WORK TO BE COMPLETED:
Once the images are set aside, print the remaining lines below exactly.

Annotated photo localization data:
::::::

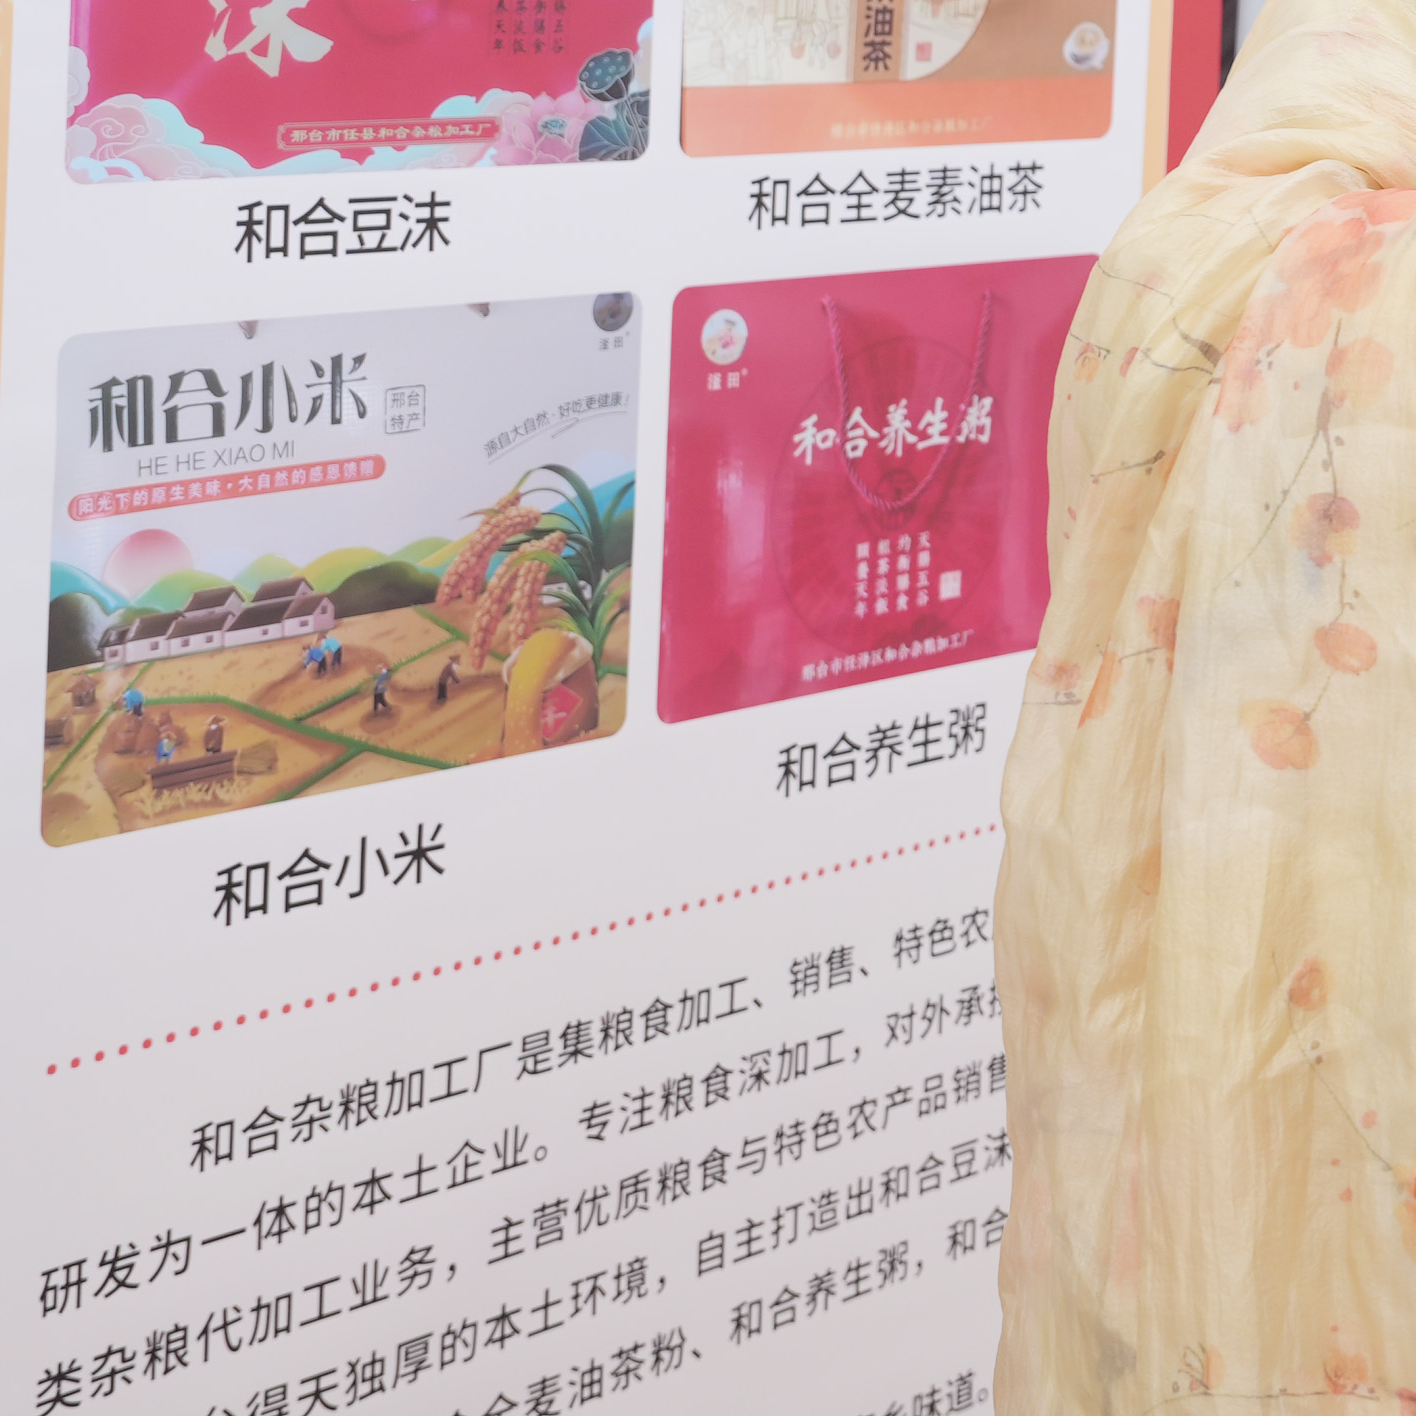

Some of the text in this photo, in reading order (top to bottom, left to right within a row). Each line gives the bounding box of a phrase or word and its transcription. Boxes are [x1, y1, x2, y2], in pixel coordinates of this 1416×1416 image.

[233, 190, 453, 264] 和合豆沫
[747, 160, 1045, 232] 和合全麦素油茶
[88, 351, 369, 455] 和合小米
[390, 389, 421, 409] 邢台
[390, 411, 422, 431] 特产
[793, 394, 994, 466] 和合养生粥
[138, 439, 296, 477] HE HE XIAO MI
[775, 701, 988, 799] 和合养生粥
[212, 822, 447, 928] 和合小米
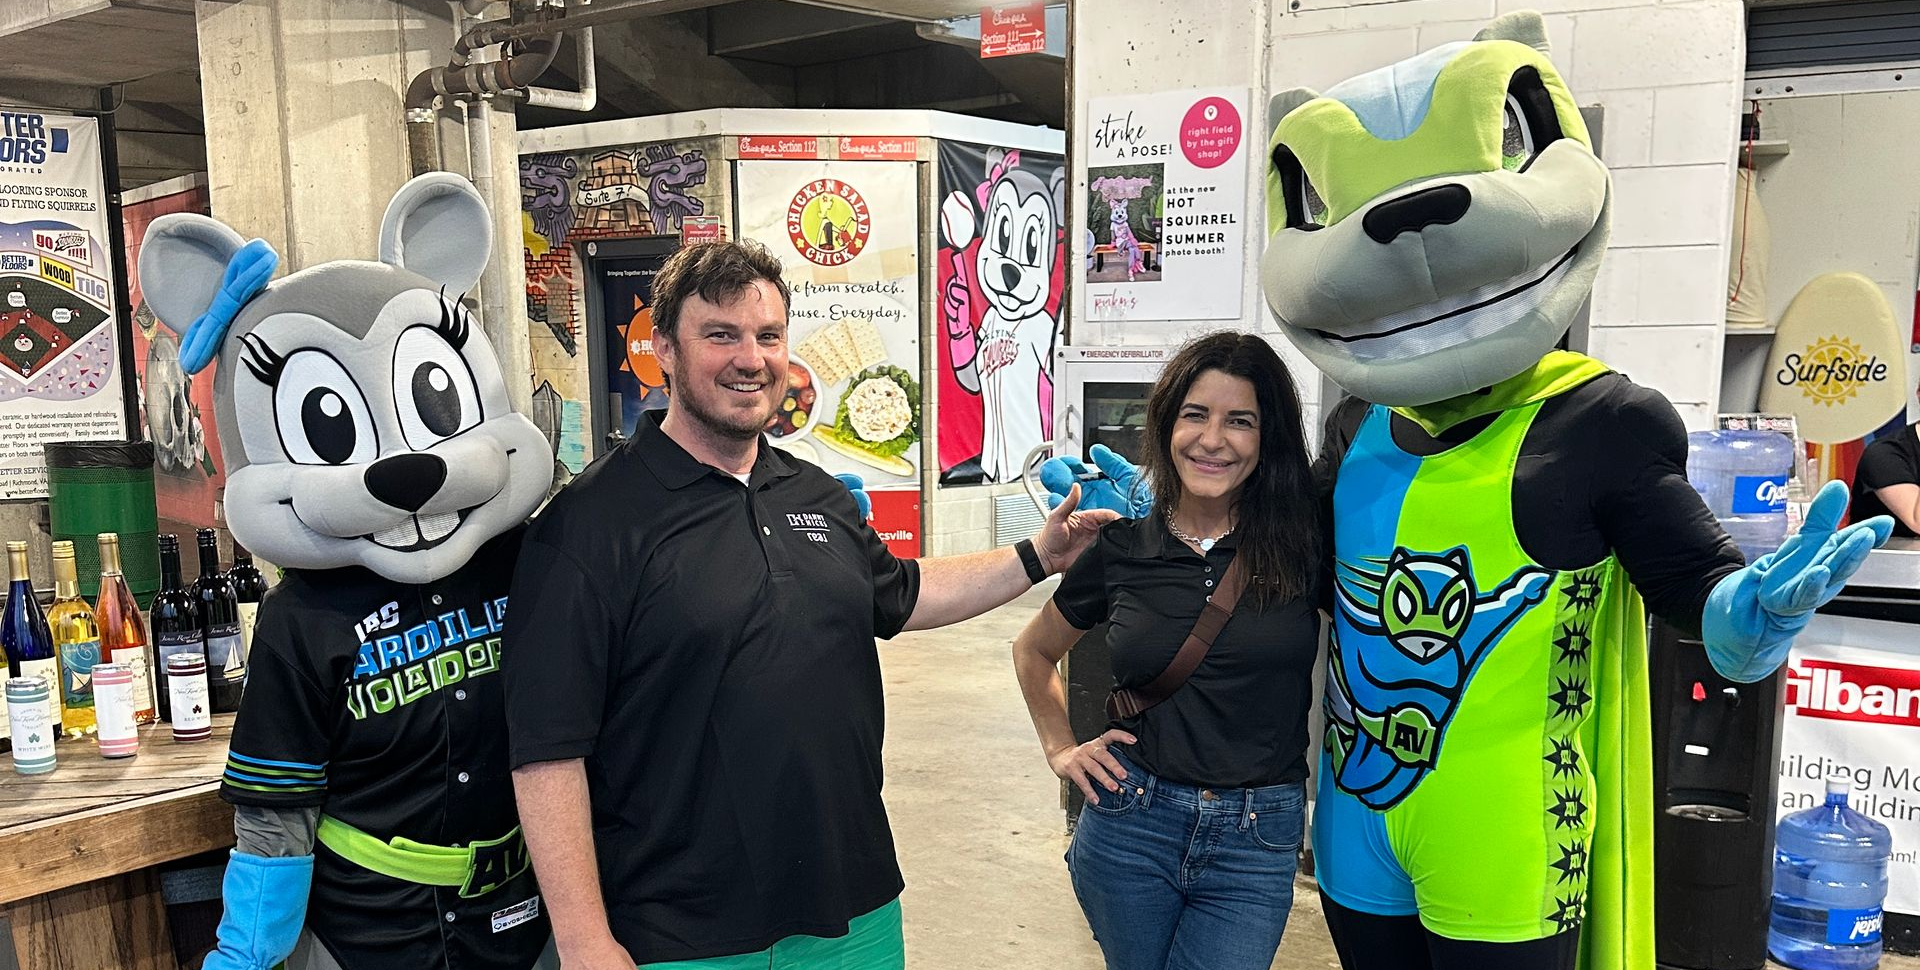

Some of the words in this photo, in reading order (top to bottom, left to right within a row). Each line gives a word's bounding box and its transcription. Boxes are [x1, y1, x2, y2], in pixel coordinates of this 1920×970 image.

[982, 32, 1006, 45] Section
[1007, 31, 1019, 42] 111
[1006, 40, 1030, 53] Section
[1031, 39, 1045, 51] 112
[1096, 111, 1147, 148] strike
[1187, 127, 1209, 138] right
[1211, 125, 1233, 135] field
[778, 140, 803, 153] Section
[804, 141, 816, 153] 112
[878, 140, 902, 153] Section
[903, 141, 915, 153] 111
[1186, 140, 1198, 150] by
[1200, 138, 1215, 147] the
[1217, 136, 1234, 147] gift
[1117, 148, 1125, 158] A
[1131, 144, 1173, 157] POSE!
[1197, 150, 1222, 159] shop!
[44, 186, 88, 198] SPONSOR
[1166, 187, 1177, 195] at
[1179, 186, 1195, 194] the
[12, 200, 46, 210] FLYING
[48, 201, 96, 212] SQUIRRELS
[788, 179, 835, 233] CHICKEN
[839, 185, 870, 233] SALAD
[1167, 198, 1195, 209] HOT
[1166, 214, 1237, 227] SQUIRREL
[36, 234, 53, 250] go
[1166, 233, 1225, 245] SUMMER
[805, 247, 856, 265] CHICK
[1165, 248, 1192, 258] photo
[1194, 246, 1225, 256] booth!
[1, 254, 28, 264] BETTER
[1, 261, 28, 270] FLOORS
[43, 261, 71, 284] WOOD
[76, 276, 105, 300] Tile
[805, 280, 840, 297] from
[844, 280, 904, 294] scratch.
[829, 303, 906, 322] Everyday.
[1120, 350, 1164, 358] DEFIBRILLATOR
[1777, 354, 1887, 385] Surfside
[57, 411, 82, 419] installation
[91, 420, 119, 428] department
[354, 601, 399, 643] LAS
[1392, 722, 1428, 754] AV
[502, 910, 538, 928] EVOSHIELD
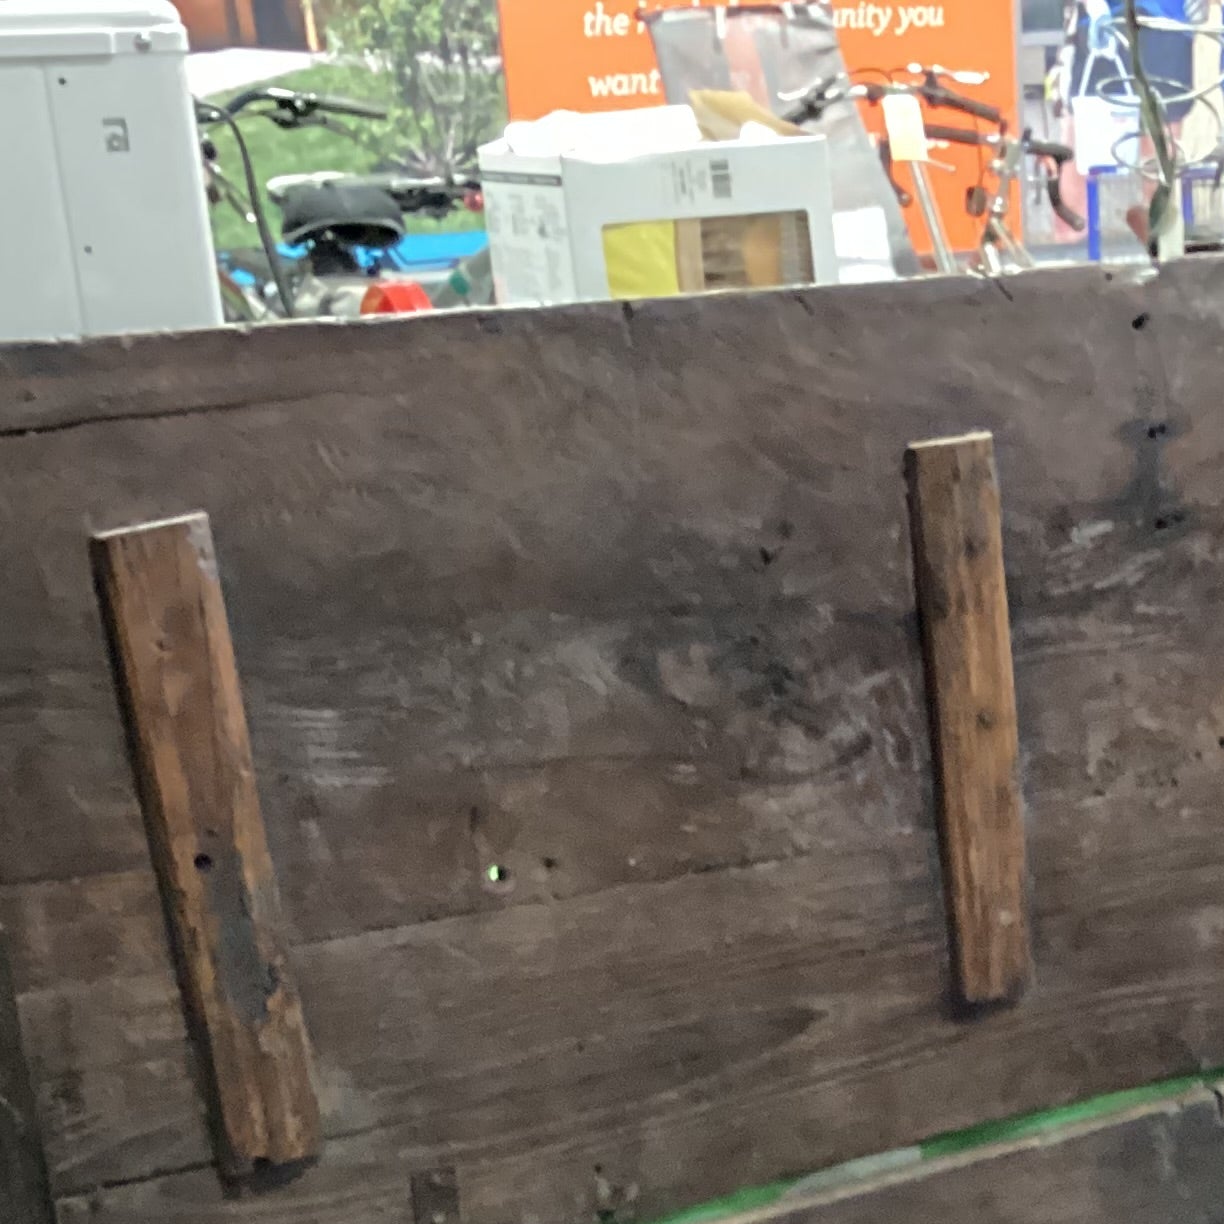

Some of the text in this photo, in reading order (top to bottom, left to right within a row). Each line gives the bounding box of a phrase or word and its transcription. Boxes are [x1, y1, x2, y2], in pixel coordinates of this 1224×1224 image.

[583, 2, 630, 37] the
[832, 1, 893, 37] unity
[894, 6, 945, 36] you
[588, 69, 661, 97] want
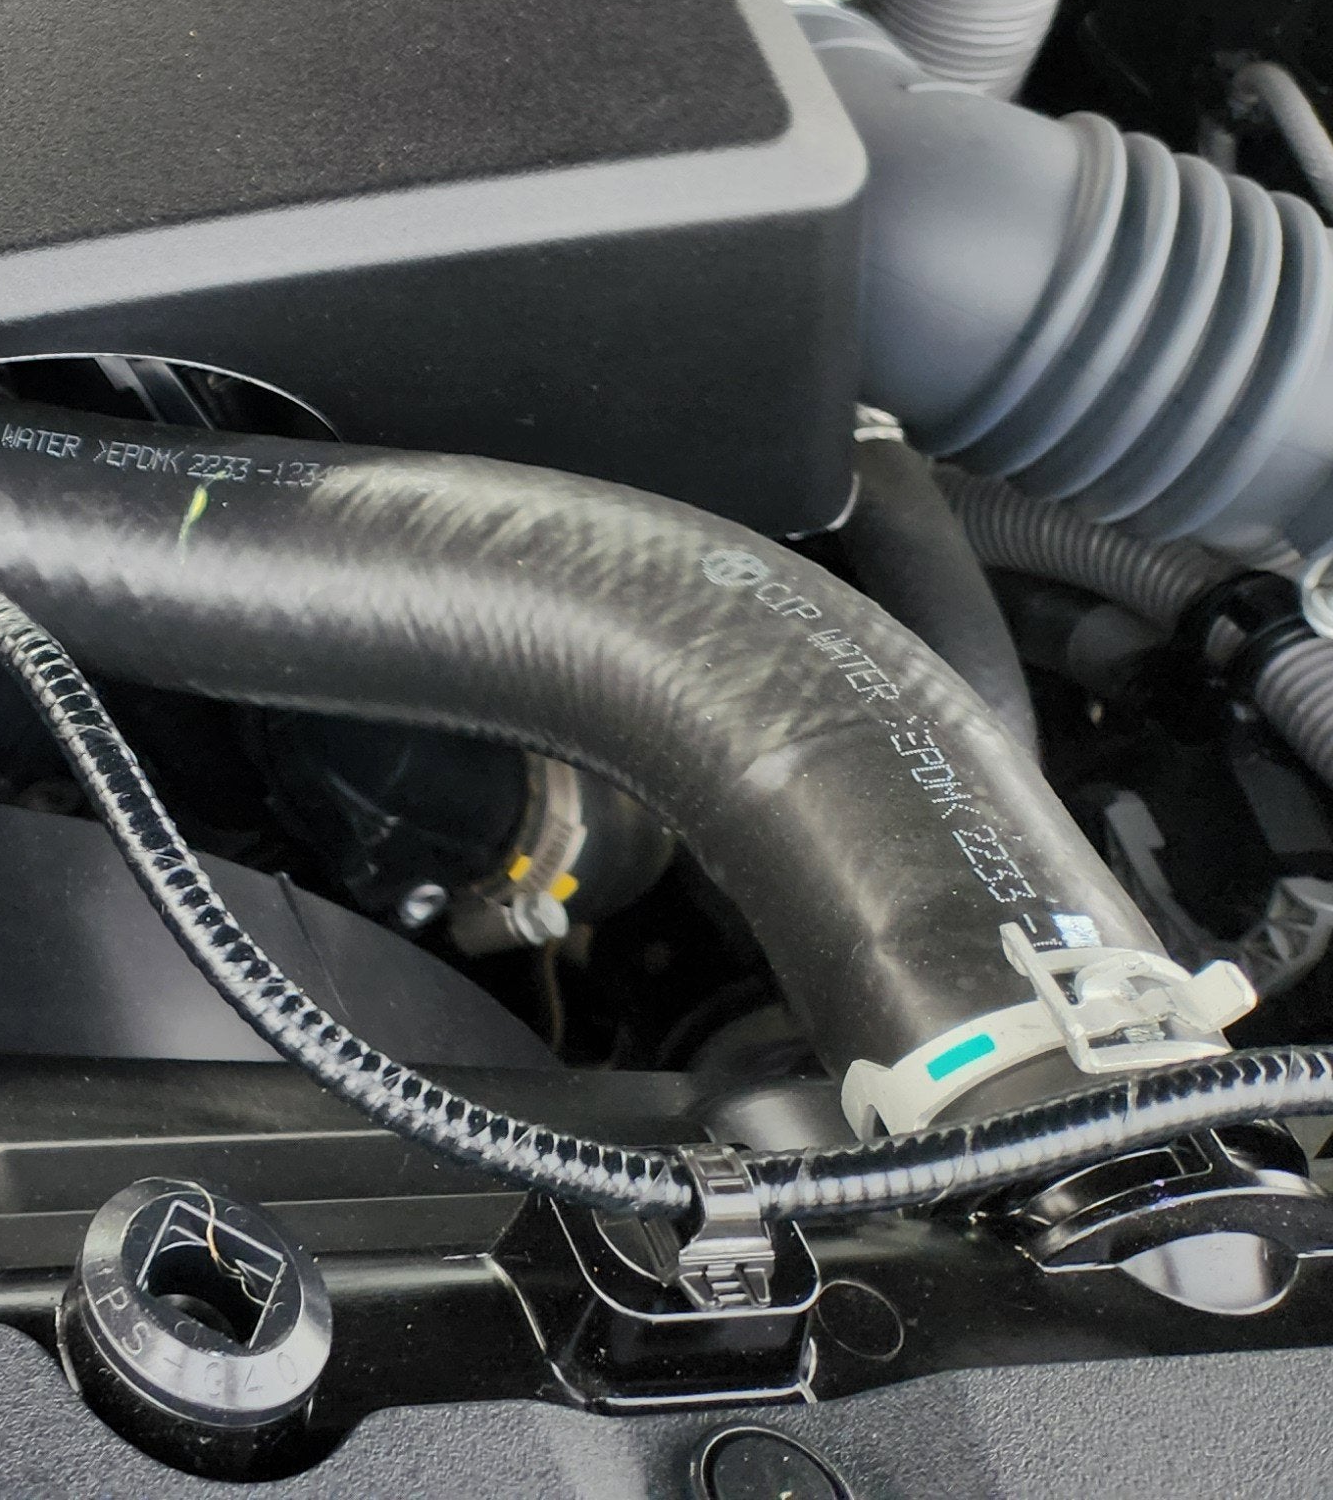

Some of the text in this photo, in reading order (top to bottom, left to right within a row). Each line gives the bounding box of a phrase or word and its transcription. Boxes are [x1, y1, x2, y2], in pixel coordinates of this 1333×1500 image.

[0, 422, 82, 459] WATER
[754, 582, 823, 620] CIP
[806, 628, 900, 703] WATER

::::::

THE COMPLETED TASK:
Some of the text in this photo, in reading order (top to bottom, left to right within a row). Each line gives the bounding box of a phrase or word and its transcription. Boxes are [x1, y1, x2, y2], in pixel coordinates of this 1416×1416 image.

[233, 190, 453, 264] 和合豆沫
[747, 160, 1045, 232] 和合全麦素油茶
[88, 351, 369, 455] 和合小米
[390, 389, 421, 409] 邢台
[390, 411, 422, 431] 特产
[793, 394, 994, 466] 和合养生粥
[138, 439, 296, 477] HE HE XIAO MI
[775, 701, 988, 799] 和合养生粥
[212, 822, 447, 928] 和合小米

Some of the words in this photo, in reading order (top to bottom, left to right within a row). Each line gives a word's bounding box and its transcription. Boxes are [x1, y1, x2, y2], in pixel coordinates of this 1920×970 image.

[982, 32, 1006, 45] Section
[1007, 31, 1019, 42] 111
[1006, 40, 1030, 53] Section
[1031, 39, 1045, 51] 112
[1096, 111, 1147, 148] strike
[1187, 127, 1209, 138] right
[1211, 125, 1233, 135] field
[778, 140, 803, 153] Section
[804, 141, 816, 153] 112
[878, 140, 902, 153] Section
[903, 141, 915, 153] 111
[1186, 140, 1198, 150] by
[1200, 138, 1215, 147] the
[1217, 136, 1234, 147] gift
[1117, 148, 1125, 158] A
[1131, 144, 1173, 157] POSE!
[1197, 150, 1222, 159] shop!
[44, 186, 88, 198] SPONSOR
[1166, 187, 1177, 195] at
[1179, 186, 1195, 194] the
[12, 200, 46, 210] FLYING
[48, 201, 96, 212] SQUIRRELS
[788, 179, 835, 233] CHICKEN
[839, 185, 870, 233] SALAD
[1167, 198, 1195, 209] HOT
[1166, 214, 1237, 227] SQUIRREL
[36, 234, 53, 250] go
[1166, 233, 1225, 245] SUMMER
[805, 247, 856, 265] CHICK
[1165, 248, 1192, 258] photo
[1194, 246, 1225, 256] booth!
[1, 254, 28, 264] BETTER
[1, 261, 28, 270] FLOORS
[43, 261, 71, 284] WOOD
[76, 276, 105, 300] Tile
[805, 280, 840, 297] from
[844, 280, 904, 294] scratch.
[829, 303, 906, 322] Everyday.
[1120, 350, 1164, 358] DEFIBRILLATOR
[1777, 354, 1887, 385] Surfside
[57, 411, 82, 419] installation
[91, 420, 119, 428] department
[354, 601, 399, 643] LAS
[1392, 722, 1428, 754] AV
[502, 910, 538, 928] EVOSHIELD

Some of the text in this photo, in reading order (top to bottom, left to right within a row). Each line gives the bounding box of a phrase or word and its transcription. Boxes are [x1, y1, x2, y2], in pixel coordinates of this 1224×1224 image.

[583, 2, 630, 37] the
[832, 1, 893, 37] unity
[894, 6, 945, 36] you
[588, 69, 661, 97] want

Some of the text in this photo, in reading order (top to bottom, left to right within a row). Each line gives the bounding box of a phrase or word and its transcription. Boxes are [x1, y1, x2, y2], in pixel coordinates of this 1333×1500 image.

[0, 422, 82, 459] WATER
[754, 582, 823, 620] CIP
[806, 628, 900, 703] WATER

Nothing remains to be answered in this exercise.